Several institutions followed the Library of Congress in this kind of activities in this field: University of California, San Diego, with automated control for periodicals; Southern Illinois University, Carbondale, with the automated circulation system, and the Ontario New University Library, with the computerized book catalog.
In England, the University of Newcastle library with File Handling System (NFHS), which was used for the acquisition, and the University of Southampton, which developed an automated system for controlling the circulation of funds.
The projects mentioned above were only some of the systems that were initiated in this period, although it is necessary to highlight that, due to certain inconsistencies such as the lack of communication between specialized personnel, the deficiency of the computer systems and an inappropriate communication between librarians and computer personnel, the development of some automation projects was hindered and in most cases they were abandoned.
However, some of these initial systems designed for libraries, which began in the mid-1960s and others in the early 1970s, are noteworthy for their importance.
In the early 1960s, with a view to automating its library activities, the International Labour Organization (ILO) created a system called the Integrated Set of Information System (ISIS). The system operated on IBM 360 computers.
Once the system was implemented, the OTI initiated the distribution of ISIS internationally. This covered the existing gap in systems for handling and retrieving documentary information.
In the early 1970s, when personal computers were still a pipe dream and computing was beginning to take its first steps, the first advances in software were exchanged and shared without any restrictions. However, with the advent of the 1980s, the situation changed.
The dizzying improvement of computers (increasingly smaller and with greater capacity for storing and processing information), revealed to those who developed the software a fertile commercial field. This led to the decision to sell proprietary operating systems and forced users to accept restrictive conditions that prevented modifications to such software.
If a user or programmer finds an error in the application, all he can do is inform the creator so that the creator can fix it. Even if the user was able to solve the problem and wanted to do it without asking anything in return, the contract prevented him from changing the software.
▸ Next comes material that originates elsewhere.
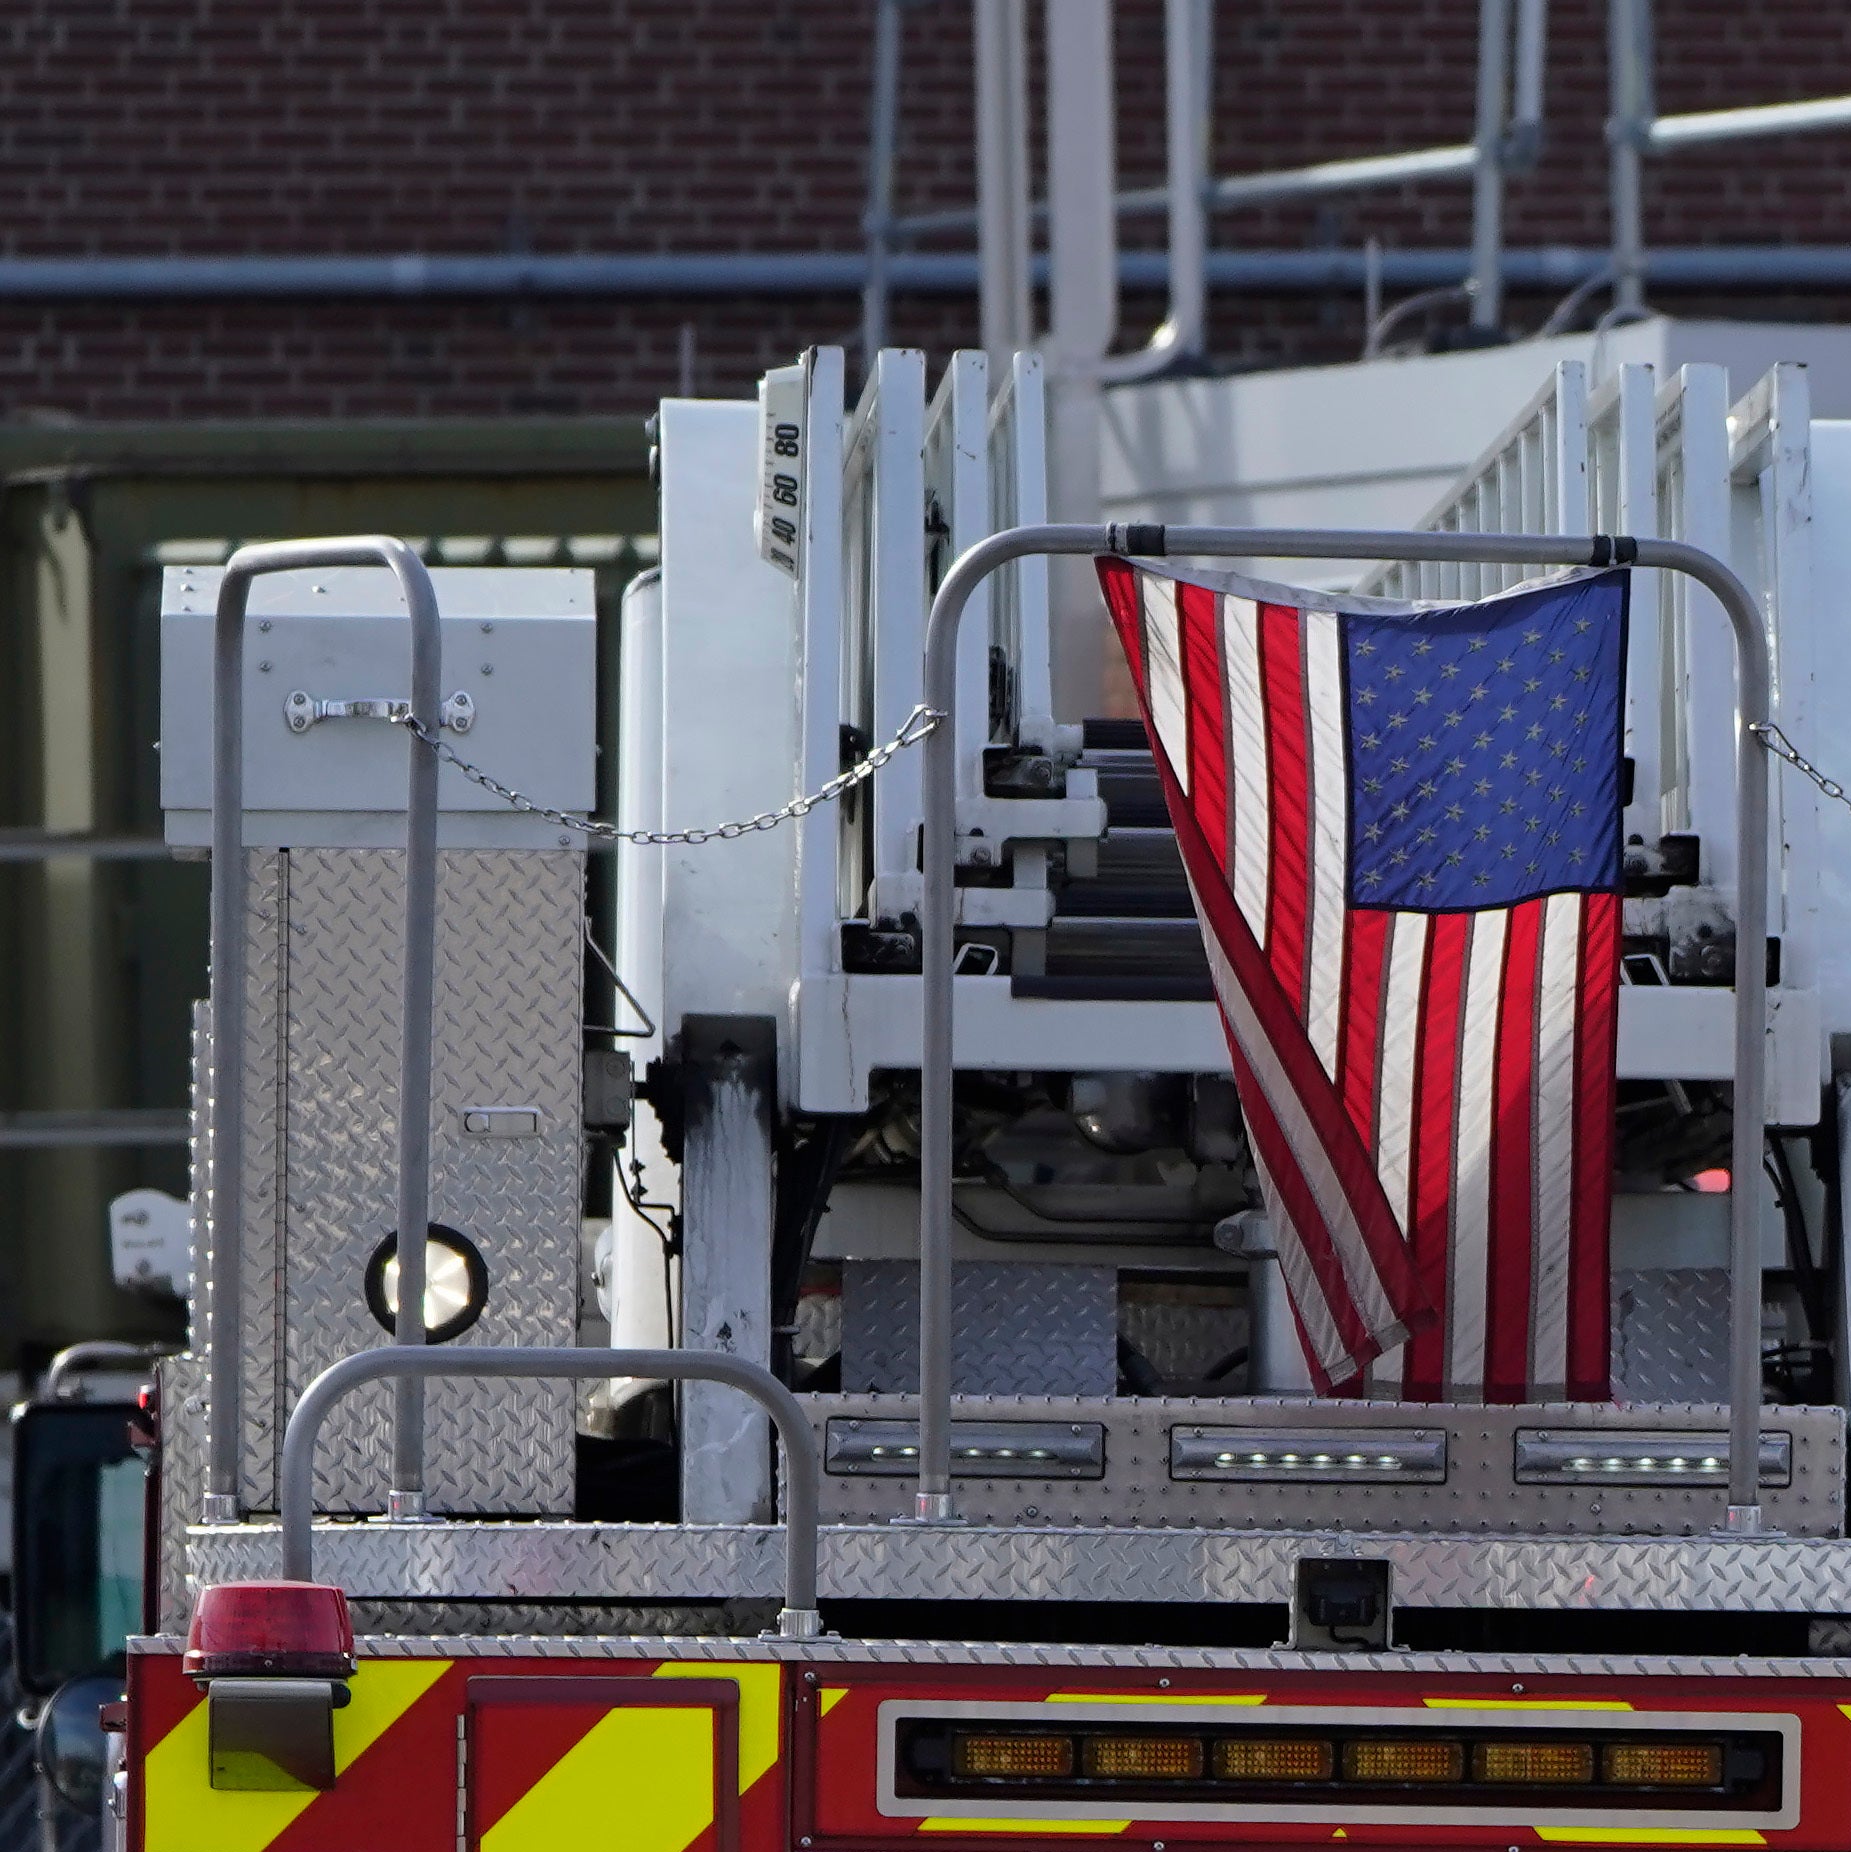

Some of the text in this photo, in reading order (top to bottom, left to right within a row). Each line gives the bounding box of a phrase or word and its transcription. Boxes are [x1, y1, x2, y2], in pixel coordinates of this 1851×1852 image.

[774, 423, 800, 457] 80
[773, 473, 798, 507] 60
[771, 515, 796, 545] 40
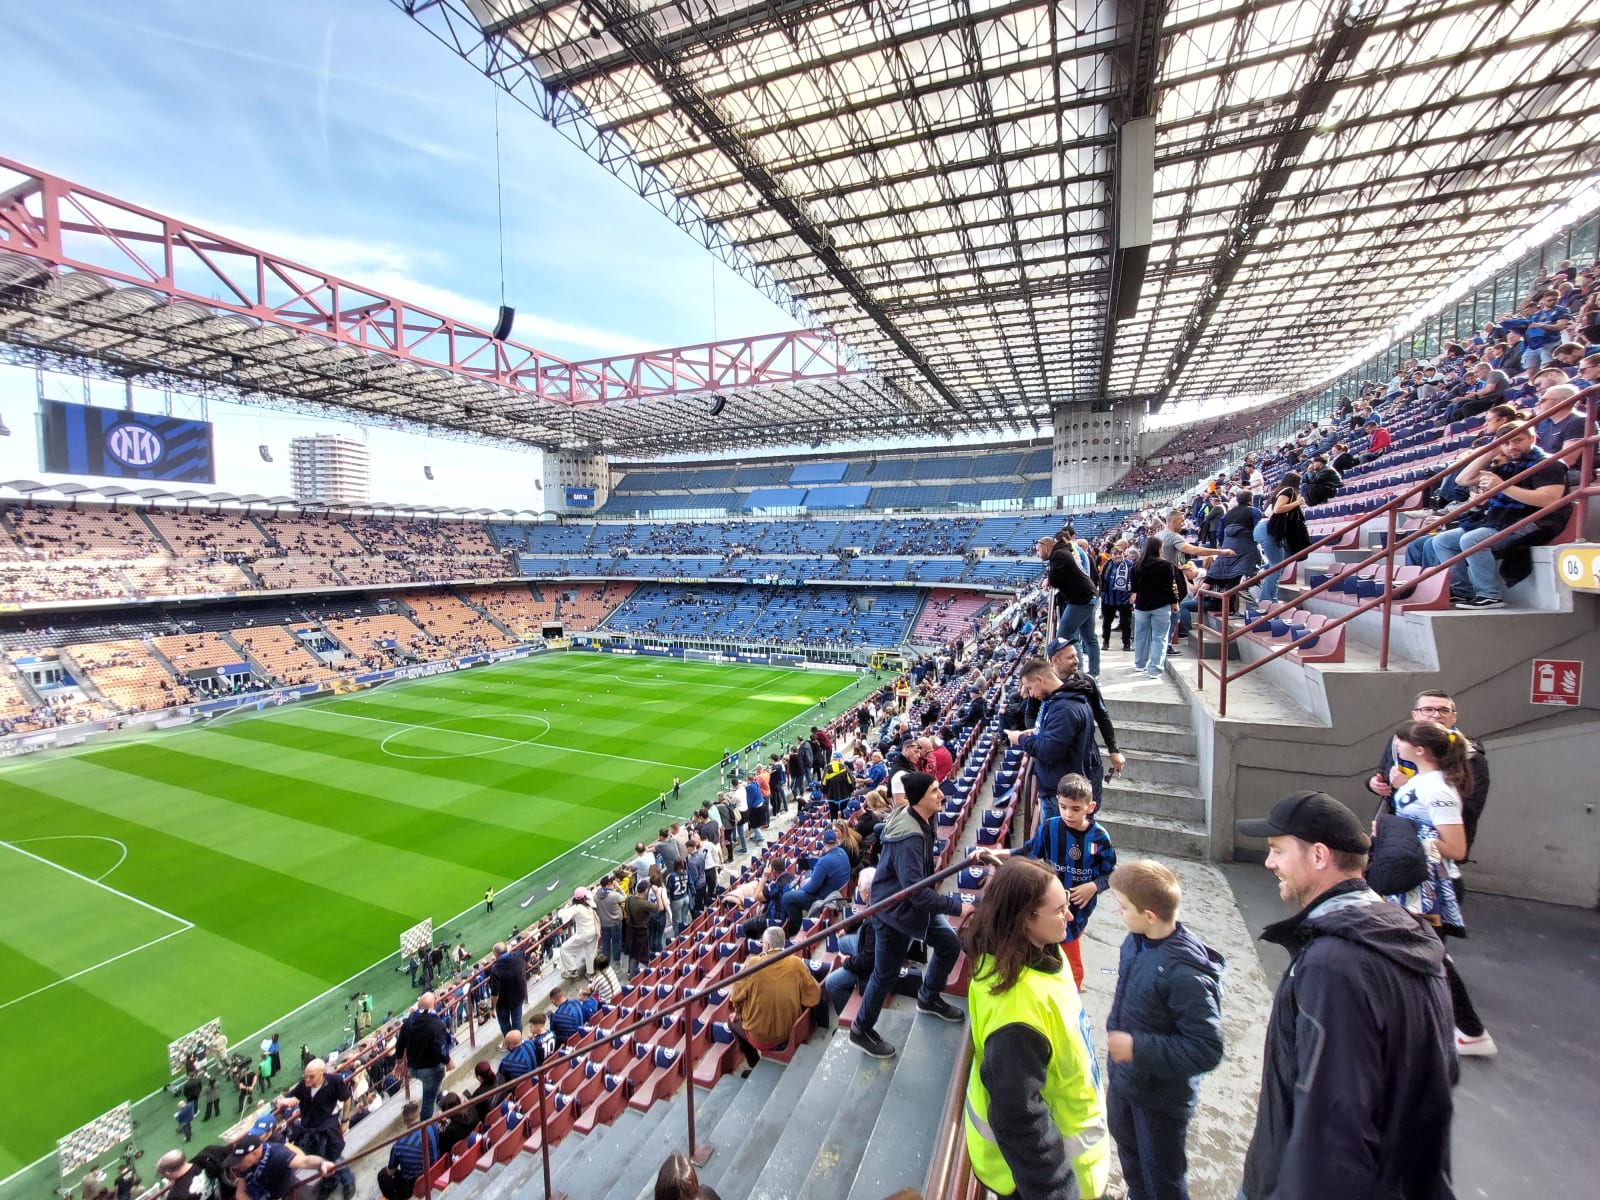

This situation led to the beginning of the end for cooperative communities, where software was shared and anyone could improve it without restrictions. The commercial software development model with added costs, despite generating situations of social unrest, was imposed with such force that today there are still people convinced that there is no other way to do business.
During the transition to the business model, Richard M. Stallman, an Artificial Intelligence lab worker at the Massachusetts Institute of Technology (MIT), realized that society was changing dangerously. Stallman himself says that during those years in the lab they had received a printer donated by an outside company.
The device, which was used in a network by all the workers, seemed not to work perfectly, since every so often the paper got jammed. As an aggravating factor, no notice was generated that was sent over the network and informed users of the situation.
The waste of time was constant because, sometimes, workers sent their jobs to print over the network and when they went to look for them they found the printer stuck and a huge queue of pending jobs. Stallman decided to fix the problem, and implement a network alert system for when the printer was blocked.
For this he needed access to the source code of the printer drivers. He asked the company that owned the printer what it needed, and explained what it intended to do. The company obviously refused to give him the source code.
If Stallman followed the same path, he would have to accept the new commercial software, sign new agreements to keep those codes secret, and eventually develop more commercial software with restrictive licenses that, in turn, would later have to be accepted by his own colleagues.